Stanleydee and Stanleydum…

Thomasley Stanley 3 Thomas Stanley 2 Thomas Stanley 1 Ferdinando Stanley - 5th Earl of Derby Pretty Boy Stanley

I have been delving into the world of mediaeval and Tudor portraits, this time in search of Sir William Stanley, the louse who turned traitor on Richard III at Bosworth and cost him his throne, his realm and his life. Sir William’s eventual reward was to be beheaded by the very man he helped so signally to put on Richard’s throne, Henry VII. There’s gratitude for you.

So, Sir William was not Henry’s favourite person, nor is he mine. He is also something of a mystery, even though so very well-known and documented. Most people who are interested in this period of history are acquainted with portraits of Sir William’s older brother, Thomas Stanley, Earl of Derby. He of the awful beard. Well, I think it’s awful, but I know many will disagree, and I mean no offence to those with such hirsute chins.

The thing is, I could not find Sir William’s likeness anywhere, only Thomas. Then I happened upon the following reference: “Sir William Stanley, English soldier. Lord Chamberlain of the household to Henry VII. Engraved by H Robinson, from the picture at Wentworth House, Yorkshire. Published by Fisher, Son & Co, London, 1836.” It referred to the final and largest portrait above, of the gentleman in lavishly decorated armour above. Well, it’s far too late to be from life, Sir William’s head having been neatly separated from his body on 10th February, 1495. This portrait might even have been of good Sir Walter Raleigh, or Drake, or someone of that later period. But there he is, positively identified as ‘our’ Sir William Stanley, not a later one. Whatever else, he is a Stanley.

Yet when I look at portraits of his brother, Thomas Stanley, 1st Earl of Derby (third from left above), and then at Thomas’ son, another Thomas, the 2nd Earl of Derby (second left above), I think how alike they all are. Good-looking men, I have to say. Grudgingly. My initial thought about the portrait of Sir William was that the artist had simply taken a chance and decided Willy really was like Tommy I, because Tommy II looked like Tommy I. Then I looked at the 3rd Earl of Derby, Edward Stanley (far left above), and yes, there is that same face again! And again with Ferdinando, the 5th Earl (far right above). I have no idea about the 4th Earl, but as he came from the same stock, I imagine the same mould was used as well. So did all the Stanley men look alike? Seems a good chance to me. Although it might have gone awry with the 6th earl, another William Stanley, who is similar, but not as good looking. Well, not in his portrait anyway. I haven’t included him.

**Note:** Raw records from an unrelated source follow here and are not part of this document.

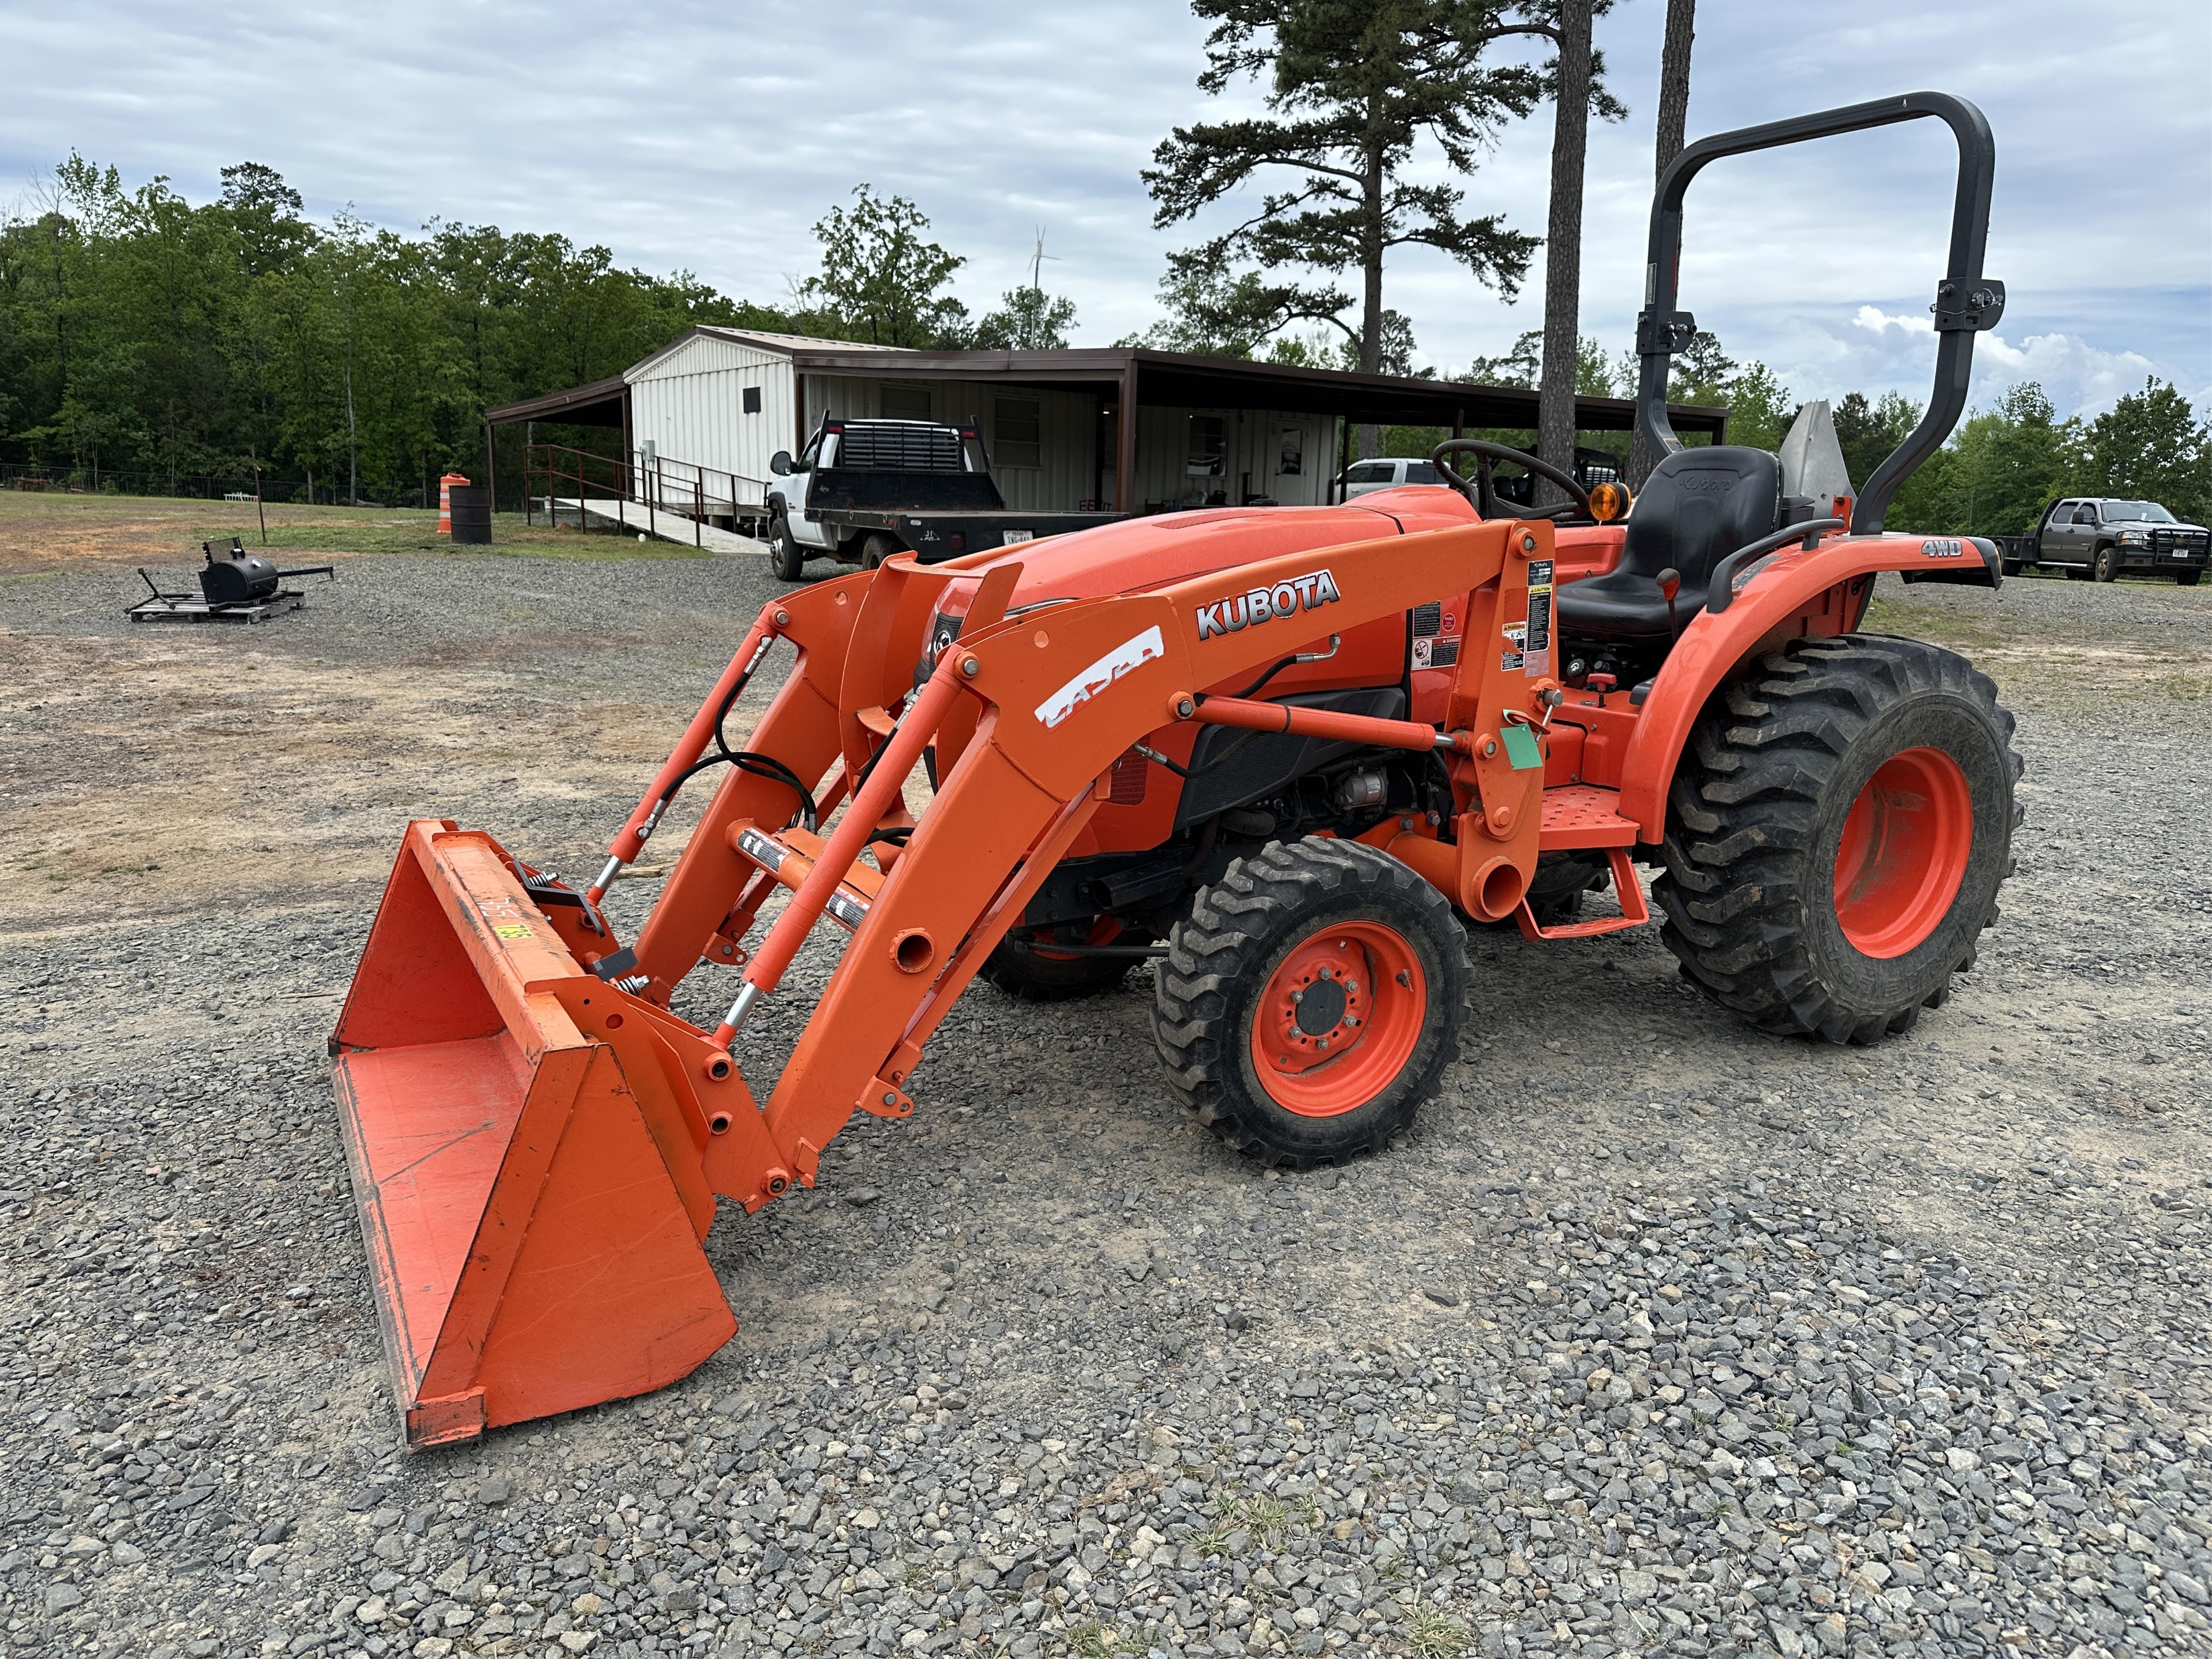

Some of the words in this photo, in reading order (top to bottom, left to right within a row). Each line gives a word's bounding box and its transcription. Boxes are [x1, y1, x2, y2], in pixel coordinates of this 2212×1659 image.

[1680, 475, 1732, 491] Kubota
[1922, 540, 1962, 557] 4WD
[1195, 572, 1340, 641] KUBOTA
[497, 925, 532, 938] 735
[1390, 1035, 1440, 1106] TITAN

(November 2016. I have changed my mind about the 6th earl. Here he is:-)



Oh, I do love these old portraits, because they raise as many questions as they answer. By the way, I hope I have correctly identified the above gentlemen, and believe I have, but they are all Stanleys, and it’s the likeness between them all that fascinates me.


    1. You are probably right, Elizabeth. The identification of portraits can be very iffy. Still, the family likeness remains.


  1. That’s truly interesting, Elizabeth. It certainly looks the same. Someone, somewhere has muddled things. But there’s still no doubting that the men of the Stanley family appear, from the portraits, to have been a very handsome gang.


  2. Shades of Josephine Tey’s hero, Inspector Grant, who also loved looking at portraits. A good artist can tell us something about character.

    Liked by 1 person

  3. I found a reference somewhere (sorry, disremember the source) to Thomas and William Stanley possibly being twins. So they might even have looked identical except for differences by choice of hairdo, beard. After the inceremonious demise of William, it’s quite possible then that any portraits of him might have been relabeled to Thomas Earl of Derby.